Without including any picture, transcribe the entries below word for word.

> [Information]

--------------------------------

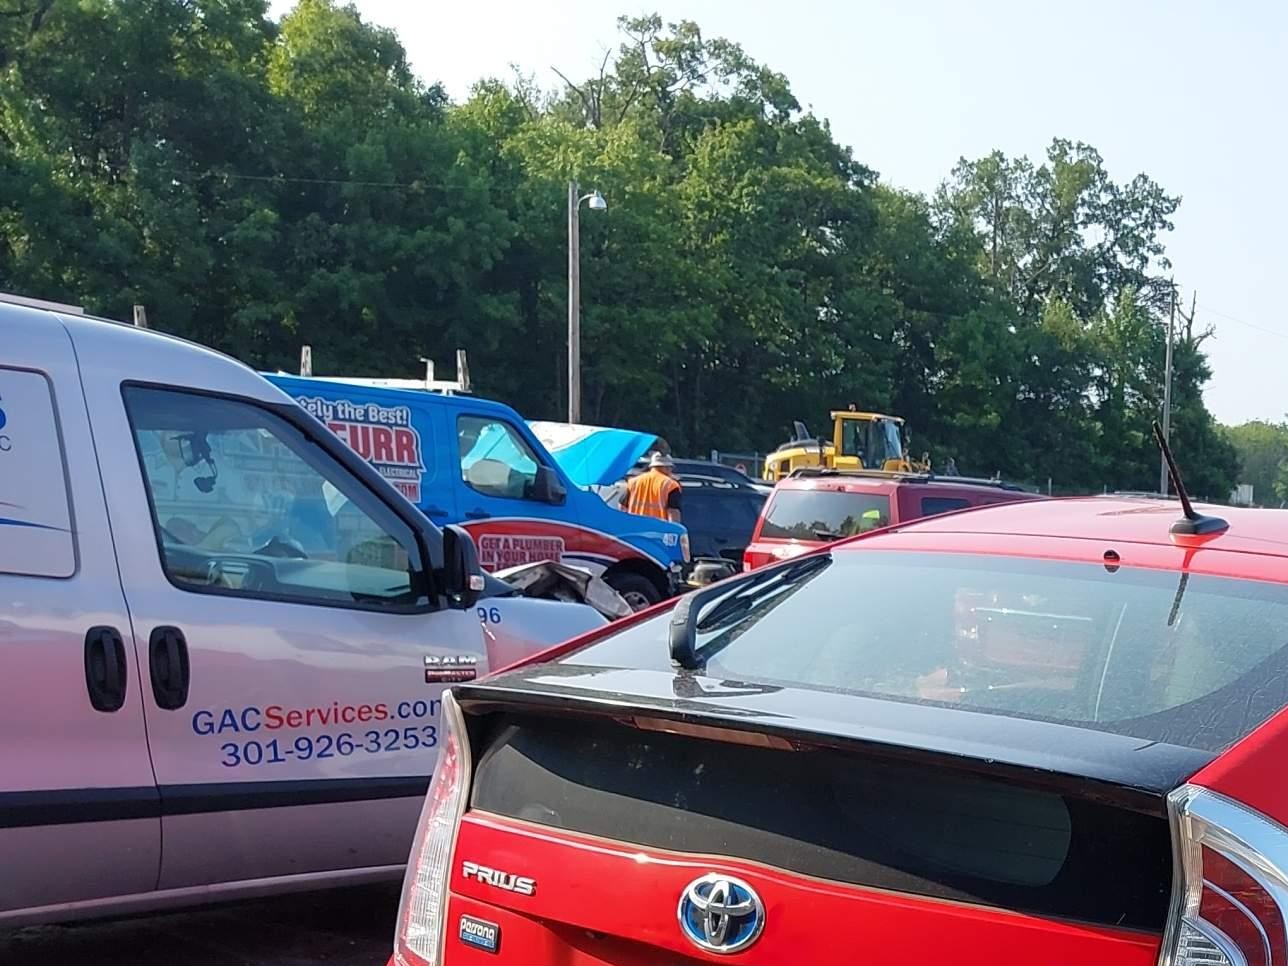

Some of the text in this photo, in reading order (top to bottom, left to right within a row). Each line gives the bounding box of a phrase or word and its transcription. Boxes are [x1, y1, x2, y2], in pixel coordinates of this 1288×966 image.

[337, 403, 364, 420] the
[368, 406, 407, 424] Best!
[481, 537, 563, 551] GET A PLUMBER
[481, 551, 562, 563] IN YOUR HOME
[220, 725, 438, 767] 301-926-3253
[462, 861, 536, 895] PRIUS
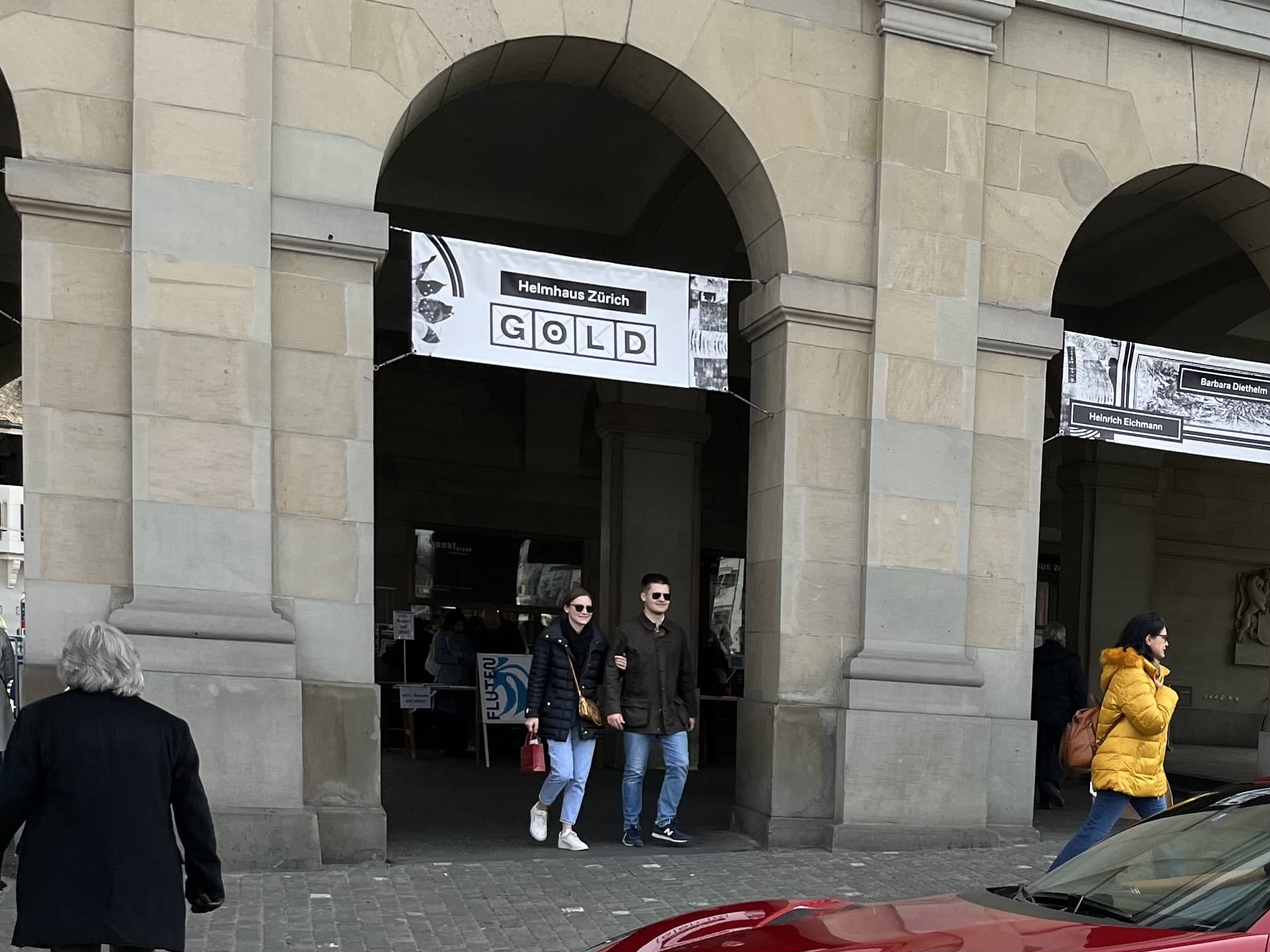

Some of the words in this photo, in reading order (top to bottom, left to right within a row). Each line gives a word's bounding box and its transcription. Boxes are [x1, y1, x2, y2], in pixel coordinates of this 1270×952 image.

[518, 279, 585, 302] Helmhaus
[587, 288, 630, 308] Zürich
[500, 314, 647, 356] GOLD
[1200, 377, 1232, 391] Barbara
[1232, 381, 1268, 396] Diethelm
[1089, 411, 1122, 426] Heinrich
[1123, 417, 1163, 432] Eichmann
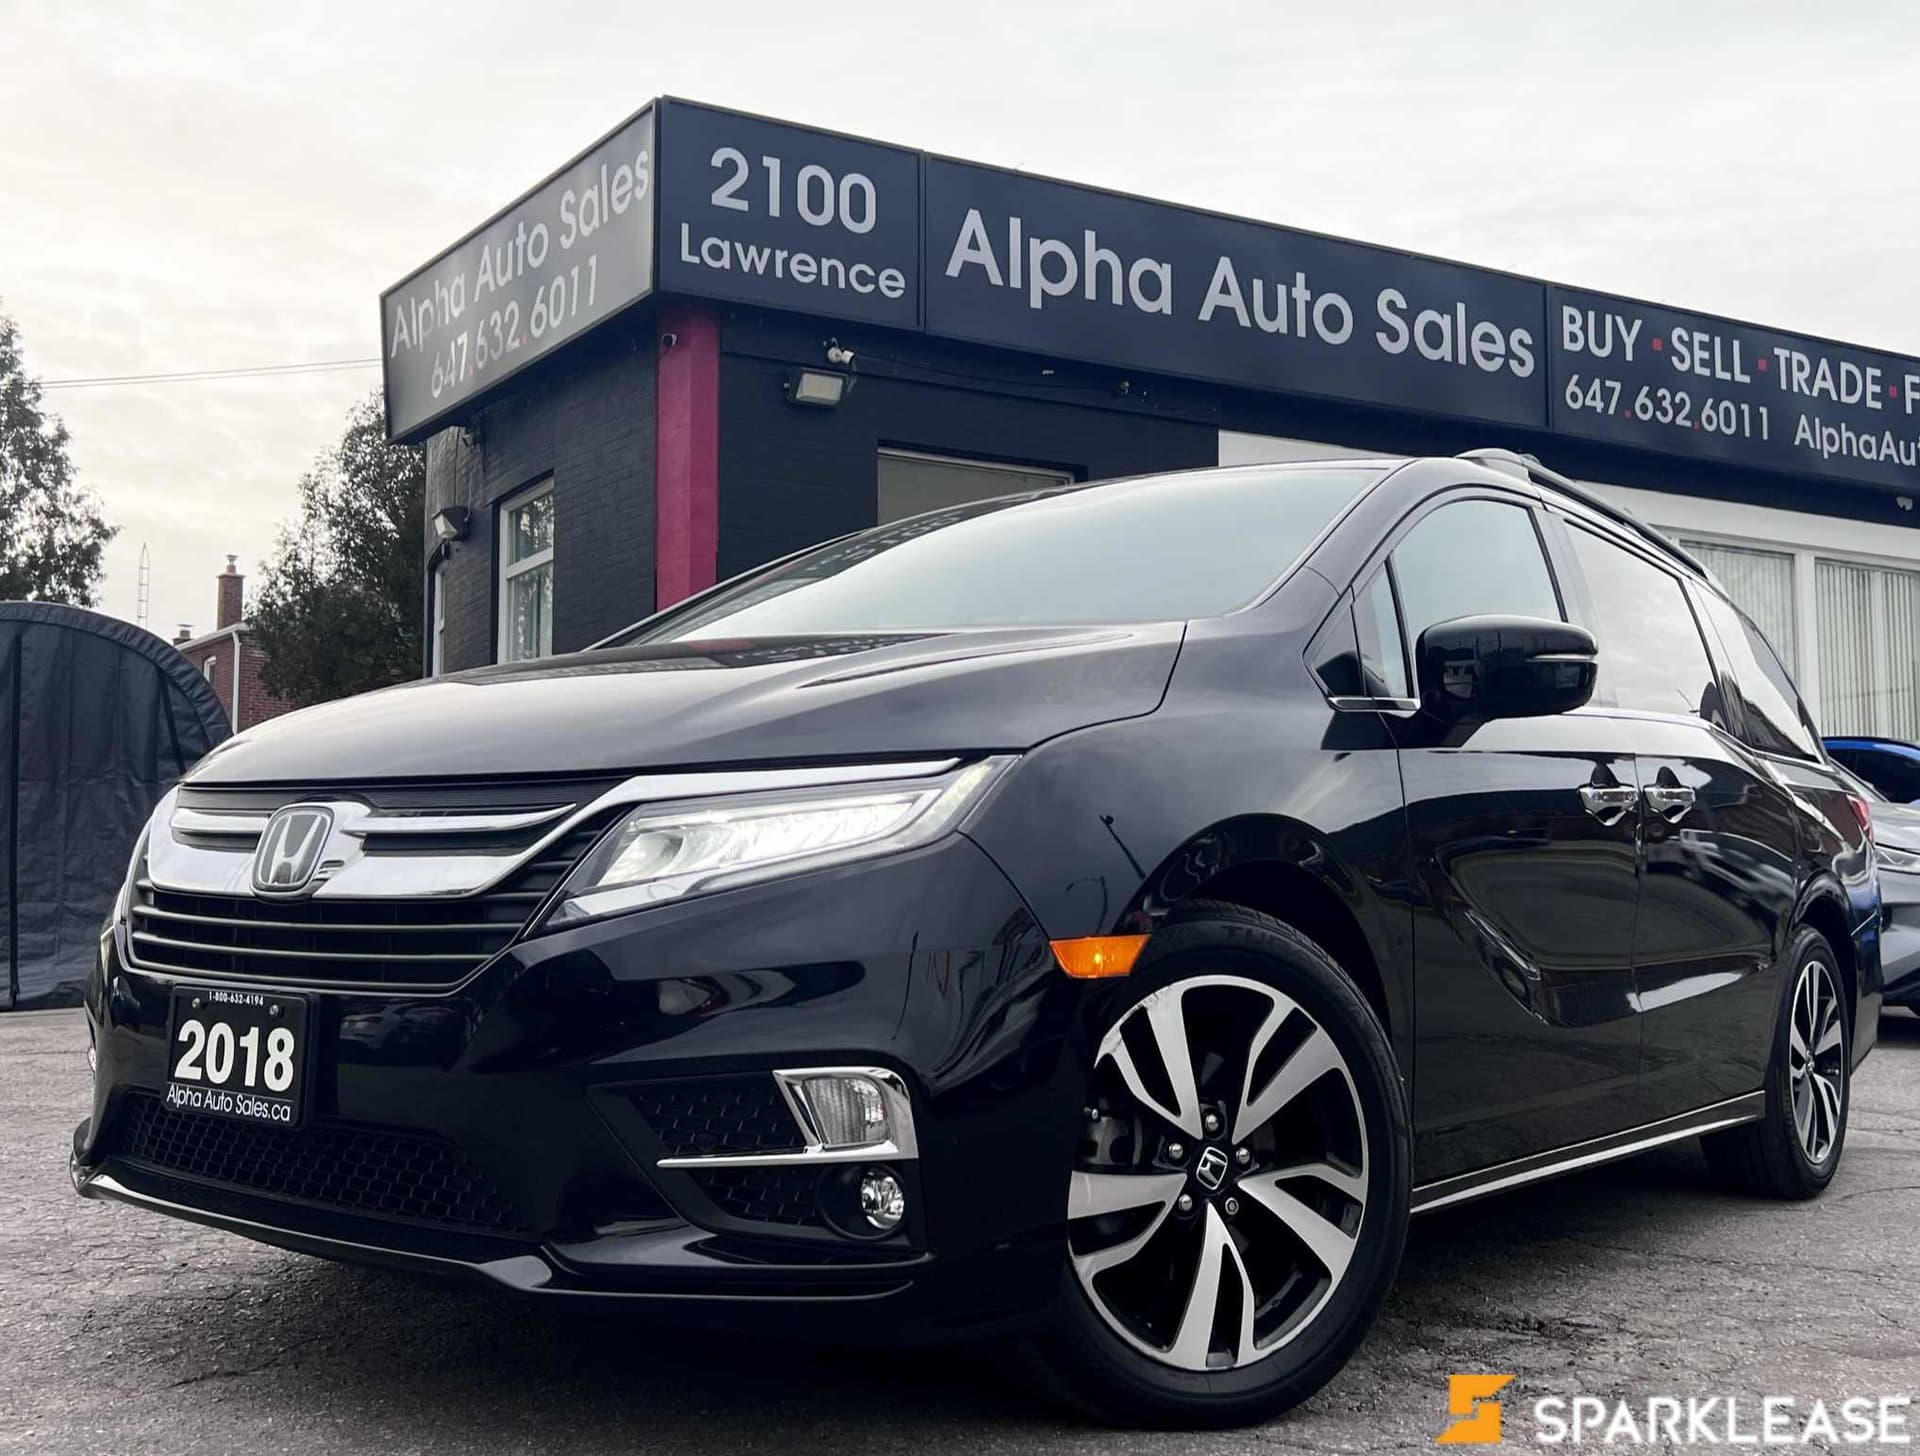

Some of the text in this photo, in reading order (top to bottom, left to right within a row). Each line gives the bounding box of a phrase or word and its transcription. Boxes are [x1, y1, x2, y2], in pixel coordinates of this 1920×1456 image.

--------------------------------

> [Task result]
Some of the text in this photo, in reading order (top to bottom, left to right within a row). Each line gives the bounding box of a phrase or word and its transcription. Boxes are [x1, y1, x2, y2], in pixel coordinates of this 1288×966 image.

[337, 403, 364, 420] the
[368, 406, 407, 424] Best!
[481, 537, 563, 551] GET A PLUMBER
[481, 551, 562, 563] IN YOUR HOME
[220, 725, 438, 767] 301-926-3253
[462, 861, 536, 895] PRIUS

Some of the words in this photo, in reading order (top to bottom, left to right within a row). Each line gives a word's bounding box and its transcription. Boxes are [x1, y1, x2, y2], in pixel coordinates of this 1270×952 image.

[518, 279, 585, 302] Helmhaus
[587, 288, 630, 308] Zürich
[500, 314, 647, 356] GOLD
[1200, 377, 1232, 391] Barbara
[1232, 381, 1268, 396] Diethelm
[1089, 411, 1122, 426] Heinrich
[1123, 417, 1163, 432] Eichmann

Some of the text in this photo, in reading order (top to bottom, left to right within a row). Each line gives the bounding box of a phrase or word and its transcription. Boxes are [x1, y1, x2, y2], in pixel coordinates of this 1920×1456 image.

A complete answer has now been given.